→ **Task item**
From the first line to the last, copy the listing exactly and omit the images.

→ **Entries provided**
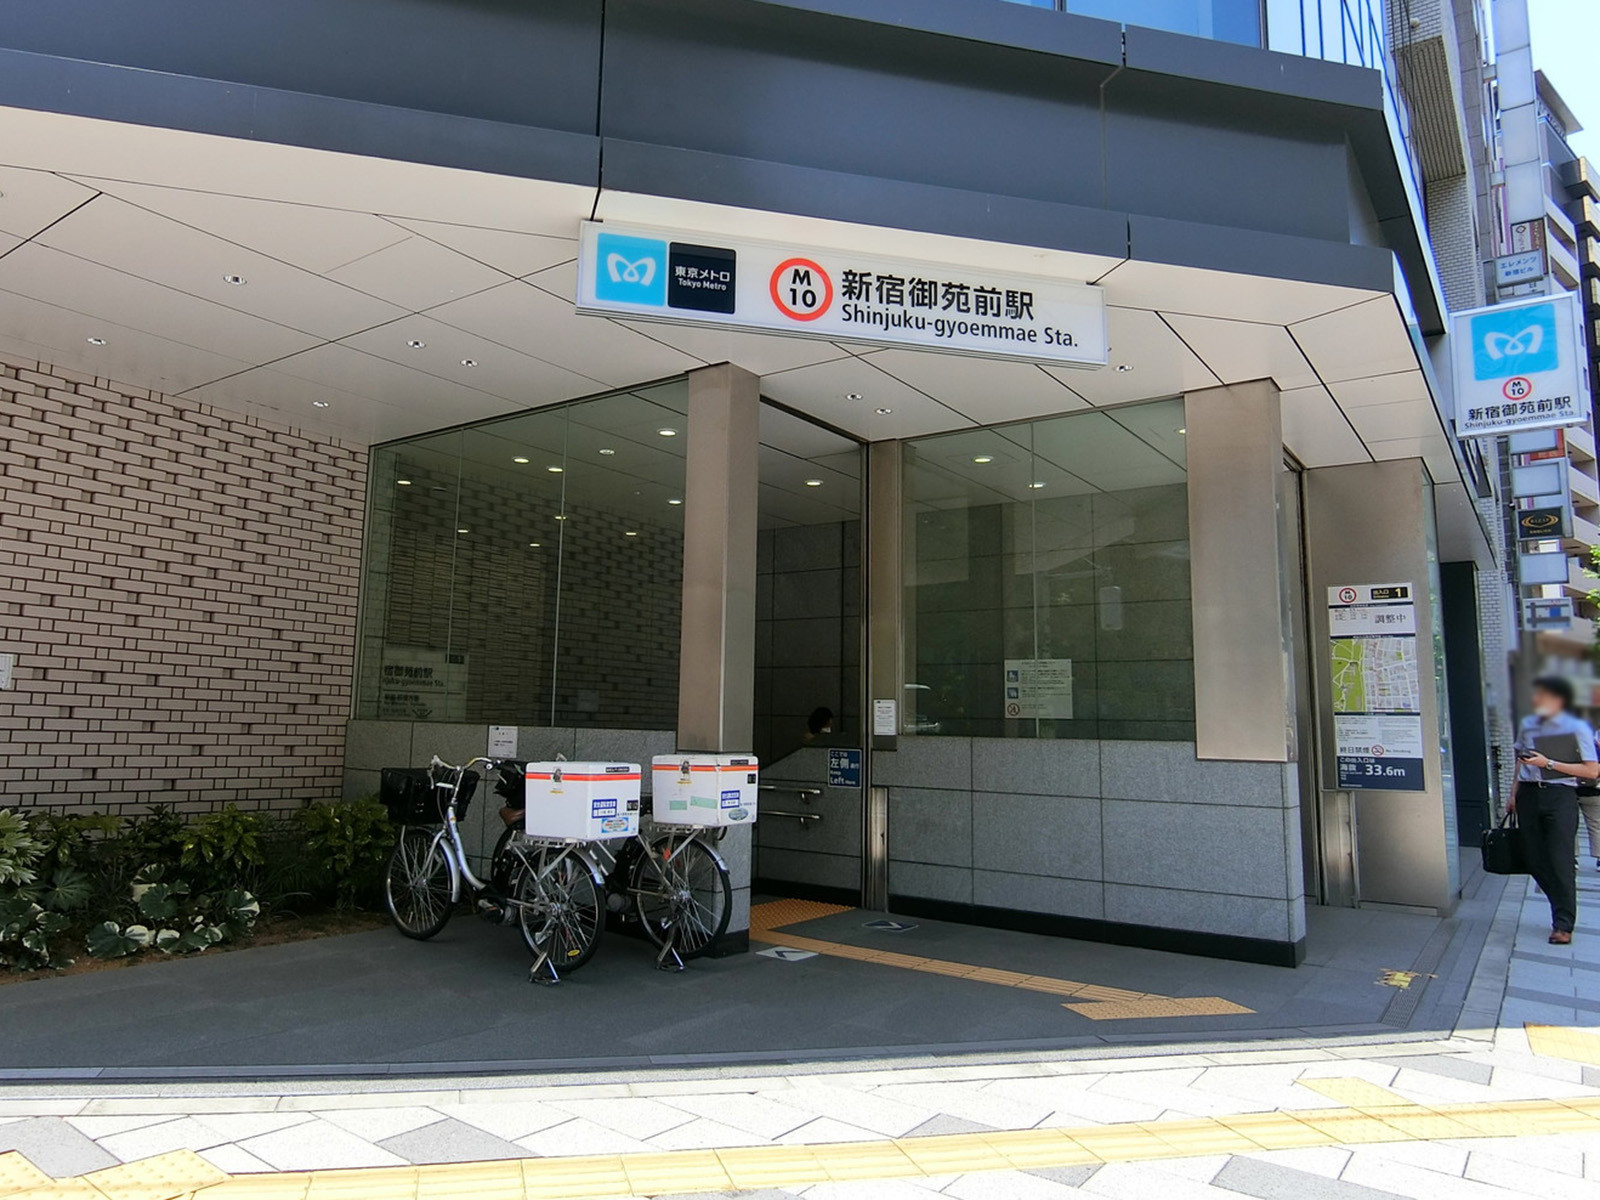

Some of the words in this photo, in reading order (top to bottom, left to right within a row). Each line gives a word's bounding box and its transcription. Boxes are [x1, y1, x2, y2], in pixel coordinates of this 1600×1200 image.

[675, 265, 730, 282] 東京メトロ
[792, 268, 812, 287] M
[678, 277, 702, 289] Tokyo
[703, 280, 727, 291] Metro
[789, 287, 817, 308] 10
[841, 269, 1035, 321] 新宿御苑前駅
[842, 304, 1037, 343] Shinjuku-gyoemmae
[1044, 327, 1079, 348] Sta.
[1511, 387, 1525, 396] 10
[1468, 396, 1572, 421] 新宿御苑前駅
[1464, 413, 1557, 430] Shinjuku-gyoemmae
[1395, 588, 1402, 598] 1
[1365, 764, 1406, 777] 33.6m
[830, 776, 845, 784] Left
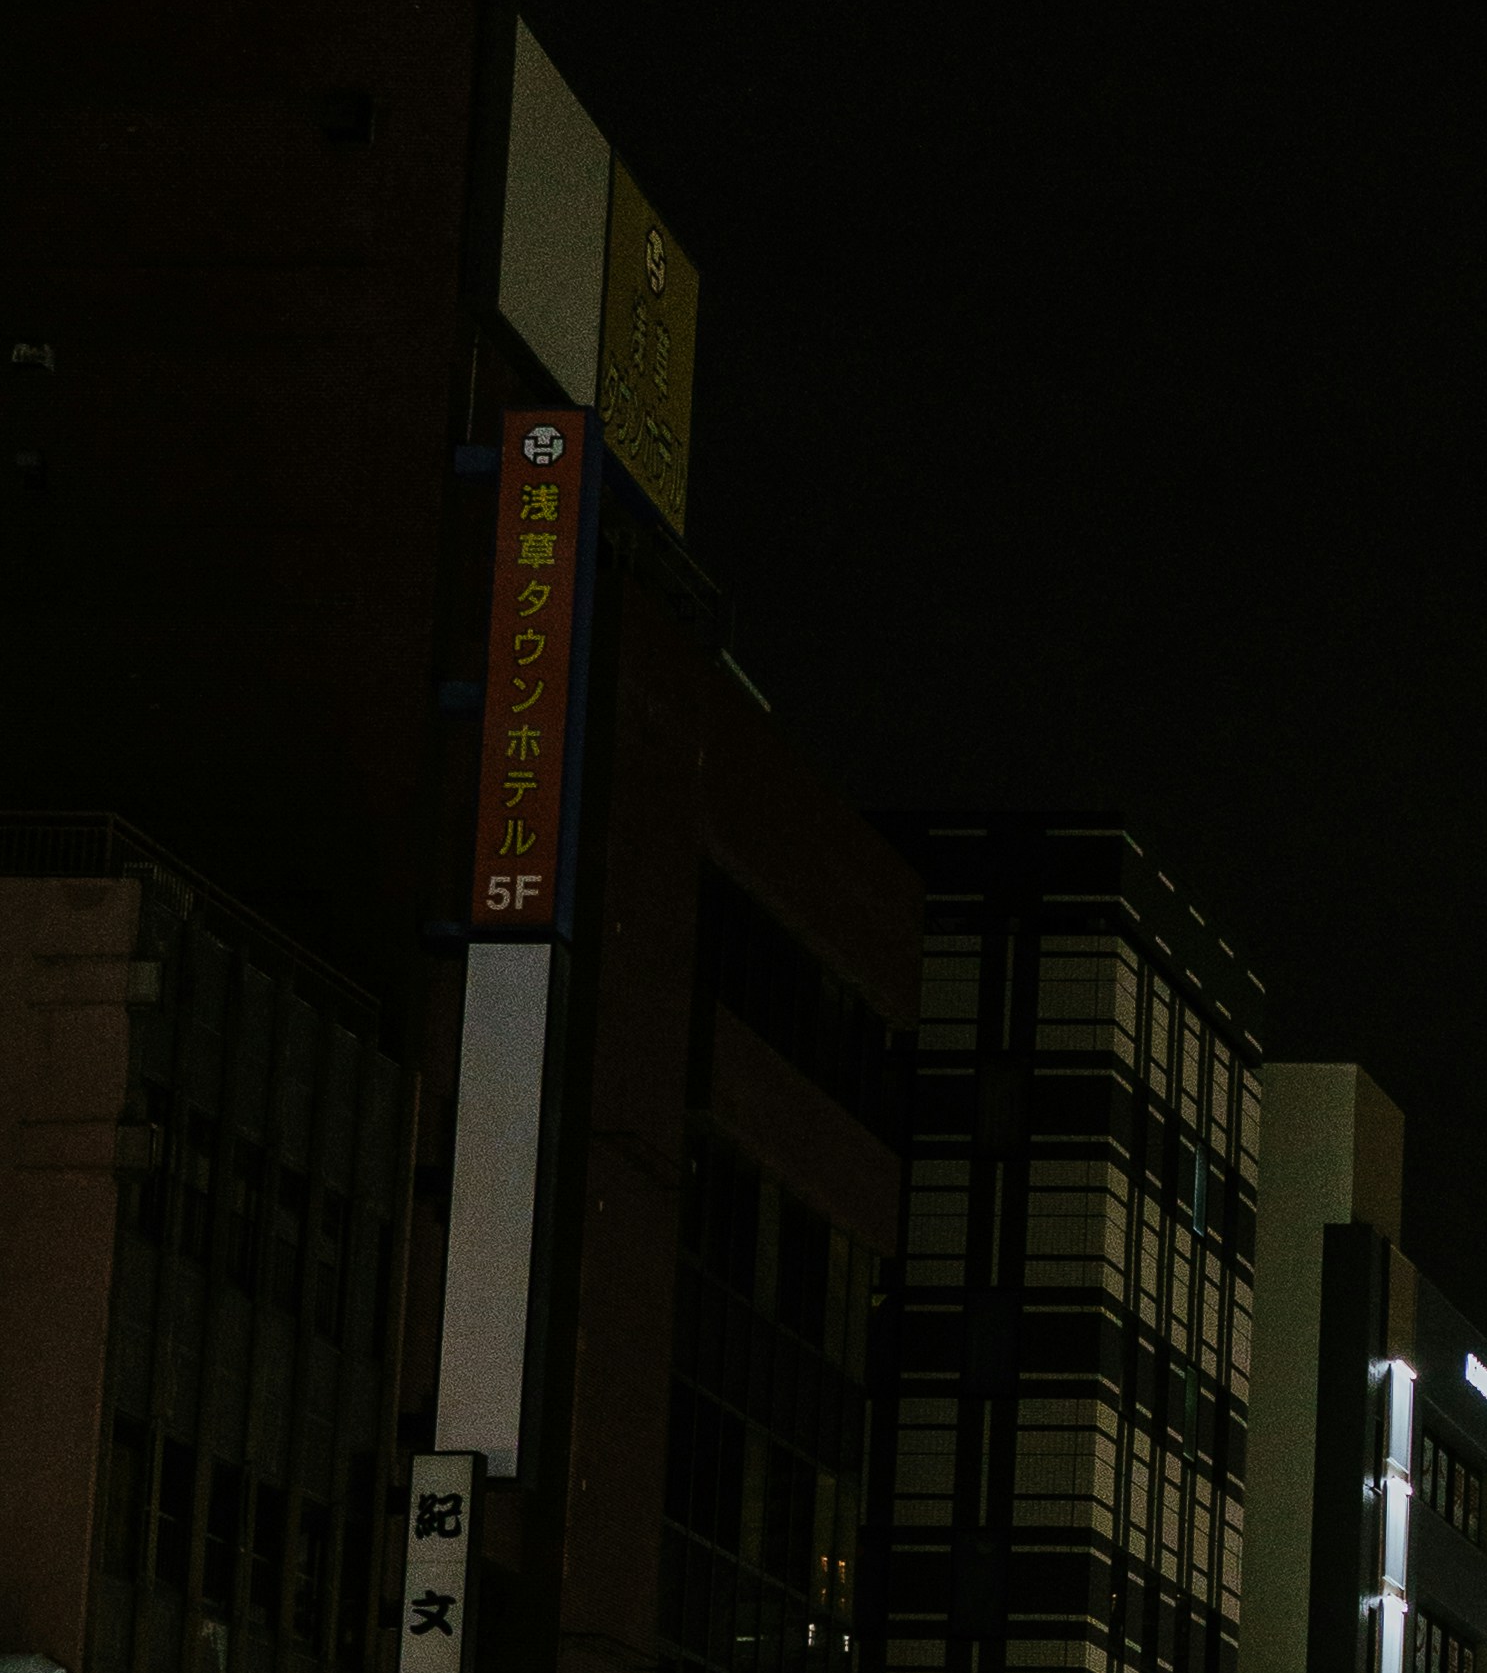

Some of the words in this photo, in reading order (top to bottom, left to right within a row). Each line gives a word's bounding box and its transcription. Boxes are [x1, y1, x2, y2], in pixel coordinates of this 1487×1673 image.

[499, 482, 559, 861] 浅草タウンホテル
[486, 875, 544, 913] 5F
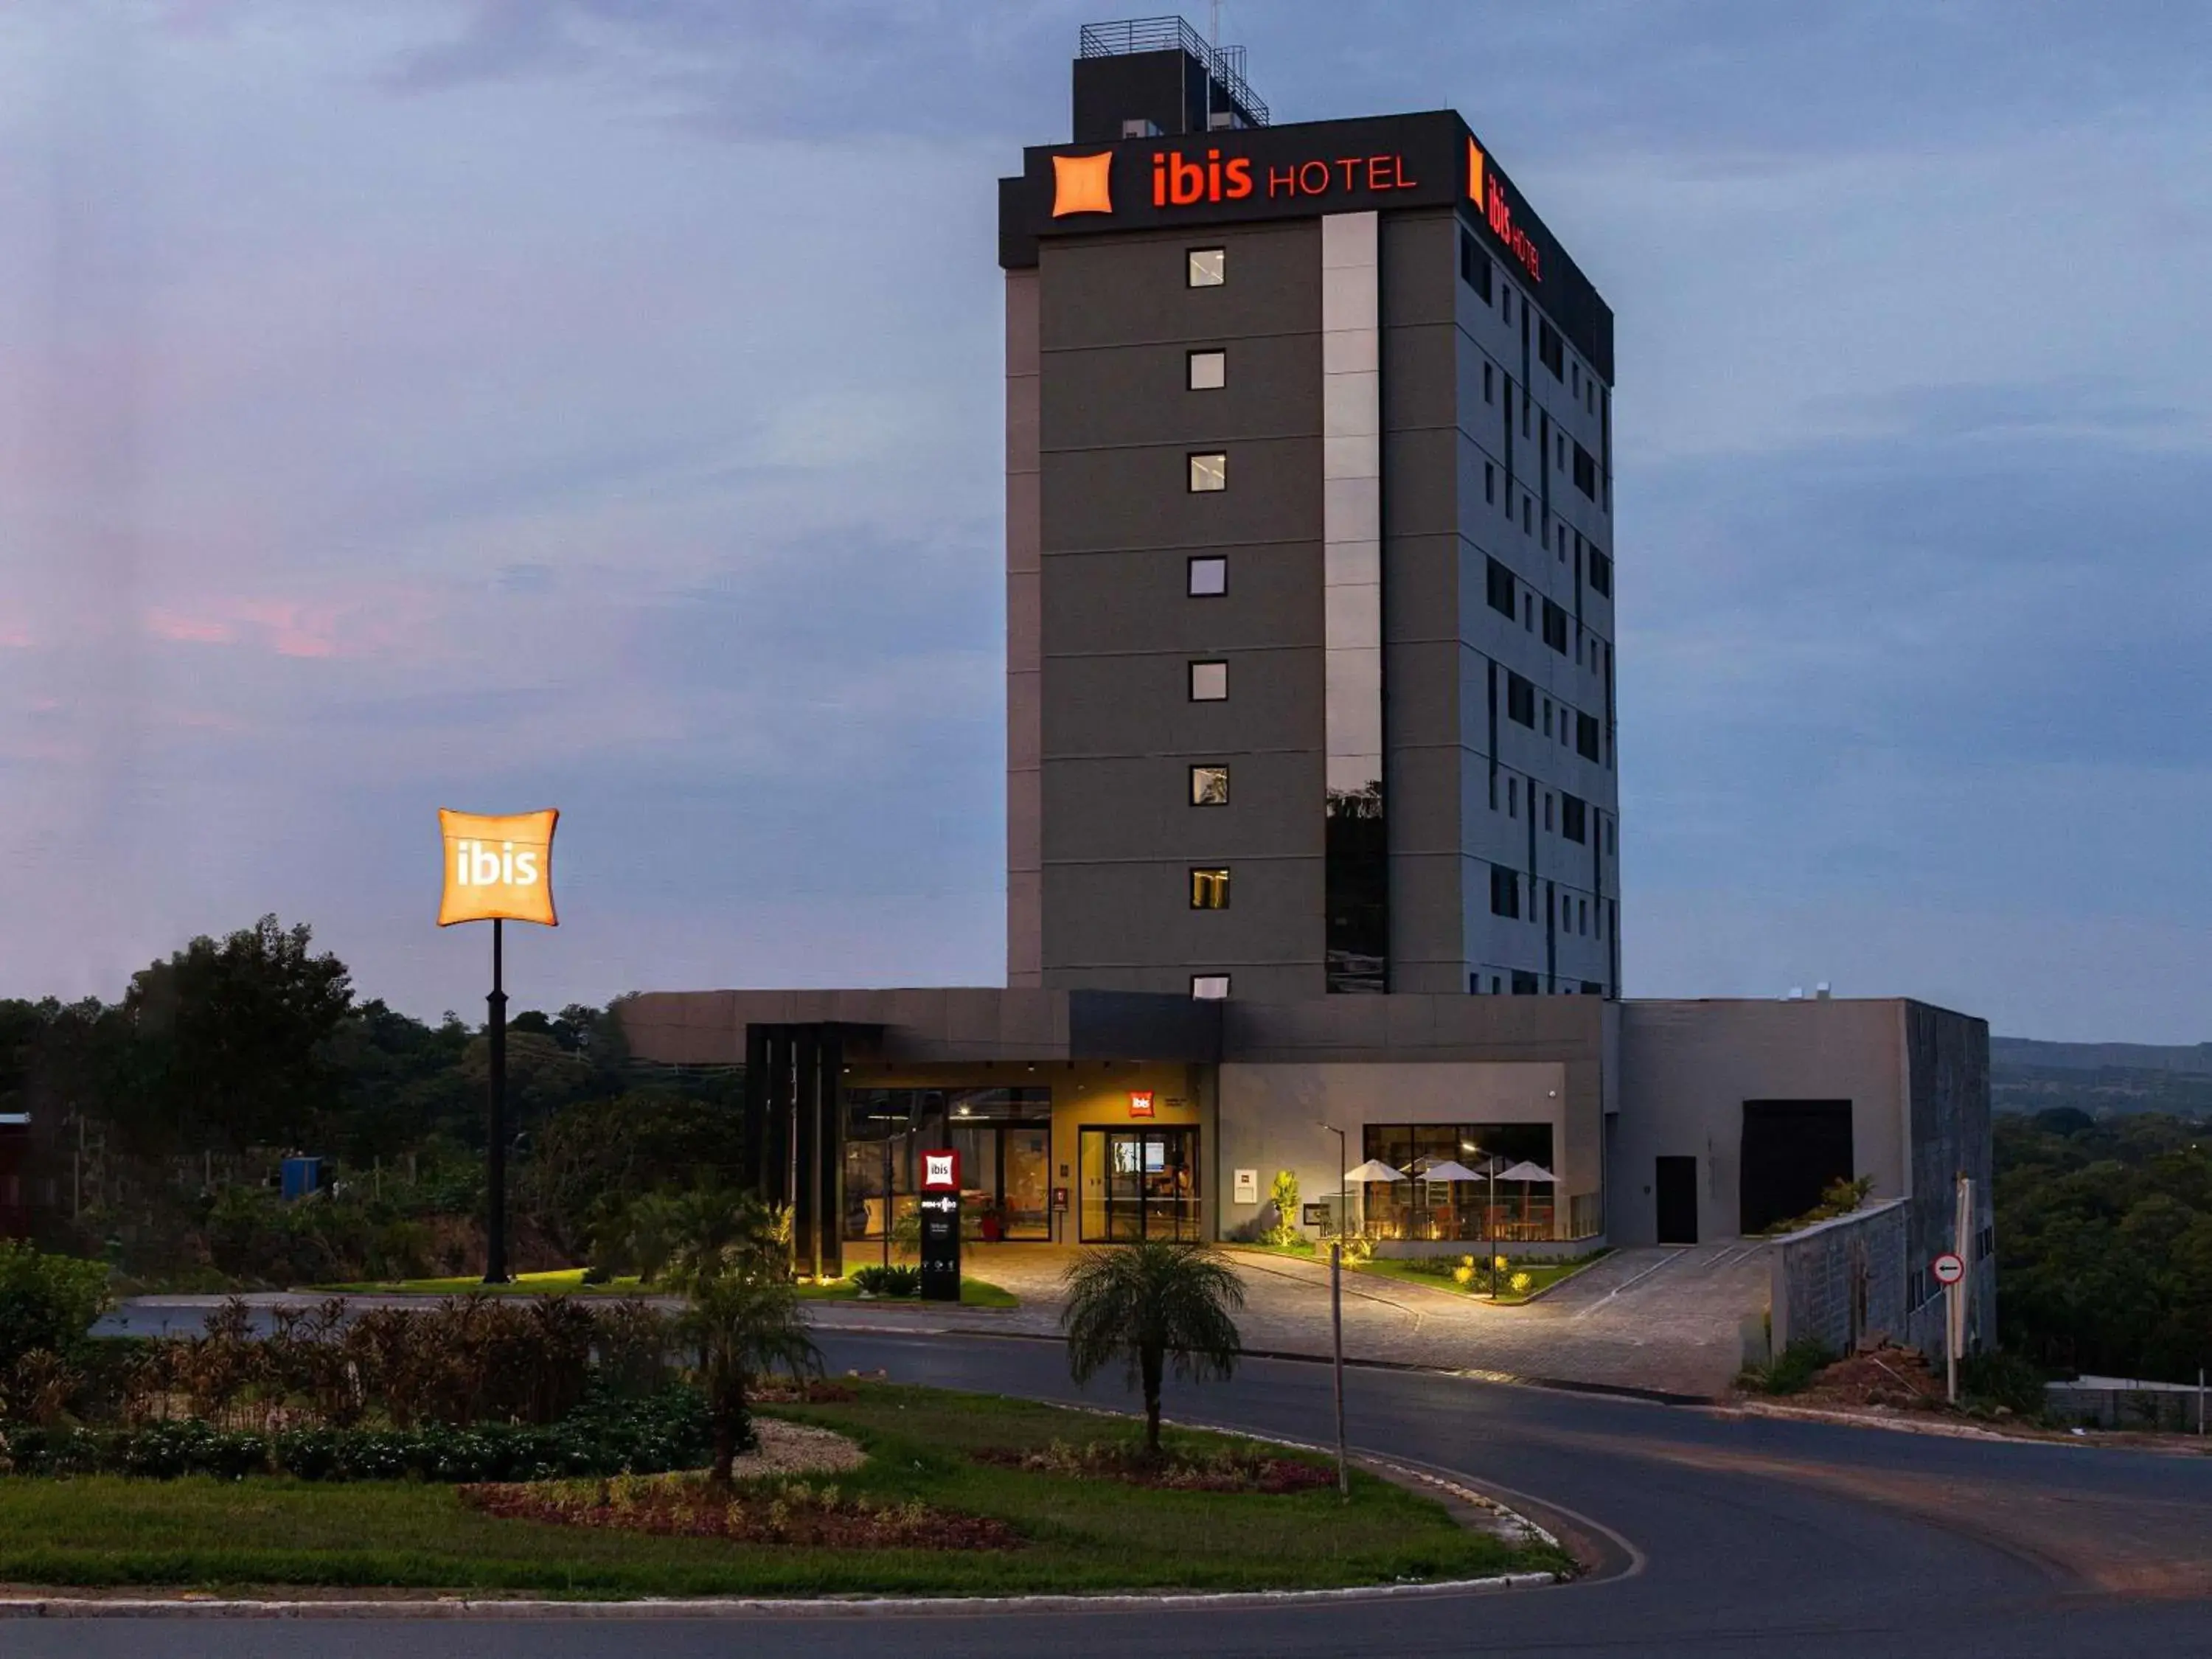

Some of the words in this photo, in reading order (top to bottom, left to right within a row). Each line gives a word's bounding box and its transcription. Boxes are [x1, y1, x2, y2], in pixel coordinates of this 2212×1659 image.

[1153, 150, 1252, 206] ibis
[1269, 156, 1418, 198] HOTEL
[1488, 173, 1511, 246] ibis
[457, 841, 538, 886] ibis
[931, 1162, 948, 1175] ibis

→ **Exercise output**
Some of the words in this photo, in reading order (top to bottom, left to right within a row). Each line gives a word's bounding box and its transcription. Boxes are [x1, y1, x2, y2], in pixel coordinates of this 1600×1200 image.

[675, 265, 730, 282] 東京メトロ
[792, 268, 812, 287] M
[678, 277, 702, 289] Tokyo
[703, 280, 727, 291] Metro
[789, 287, 817, 308] 10
[841, 269, 1035, 321] 新宿御苑前駅
[842, 304, 1037, 343] Shinjuku-gyoemmae
[1044, 327, 1079, 348] Sta.
[1511, 387, 1525, 396] 10
[1468, 396, 1572, 421] 新宿御苑前駅
[1464, 413, 1557, 430] Shinjuku-gyoemmae
[1395, 588, 1402, 598] 1
[1365, 764, 1406, 777] 33.6m
[830, 776, 845, 784] Left

Some of the words in this photo, in reading order (top to bottom, left to right within a row). Each line gives a word's bounding box and its transcription. Boxes are [x1, y1, x2, y2], in pixel coordinates of this 1487×1673 image.

[499, 482, 559, 861] 浅草タウンホテル
[486, 875, 544, 913] 5F

Some of the words in this photo, in reading order (top to bottom, left to right within a row). Each line gives a word's bounding box and its transcription. Boxes are [x1, y1, x2, y2], in pixel coordinates of this 2212×1659 image.

[1153, 150, 1252, 206] ibis
[1269, 156, 1418, 198] HOTEL
[1488, 173, 1511, 246] ibis
[457, 841, 538, 886] ibis
[931, 1162, 948, 1175] ibis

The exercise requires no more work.